__EXERCISE GOAL__. Transcribe each line of the material exactly as it stands.

__SOURCE MATERIAL__.
-=-=-=-=-
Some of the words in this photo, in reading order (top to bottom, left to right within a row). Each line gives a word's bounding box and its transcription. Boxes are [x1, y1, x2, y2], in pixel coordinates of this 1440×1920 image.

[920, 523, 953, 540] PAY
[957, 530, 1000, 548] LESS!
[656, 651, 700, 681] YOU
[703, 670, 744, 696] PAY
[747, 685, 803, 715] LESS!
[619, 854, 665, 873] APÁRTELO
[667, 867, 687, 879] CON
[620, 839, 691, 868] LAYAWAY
-=-=-=-=-
__ANSWER FOR THIS EXERCISE__.
Some of the words in this photo, in reading order (top to bottom, left to right within a row). Each line gives a word's bounding box and its transcription. Boxes are [x1, y1, x2, y2], in pixel coordinates of this 1440×1920 image.

[920, 523, 953, 540] PAY
[957, 530, 1000, 548] LESS!
[656, 651, 700, 681] YOU
[703, 670, 744, 696] PAY
[747, 685, 803, 715] LESS!
[619, 854, 665, 873] APÁRTELO
[667, 867, 687, 879] CON
[620, 839, 691, 868] LAYAWAY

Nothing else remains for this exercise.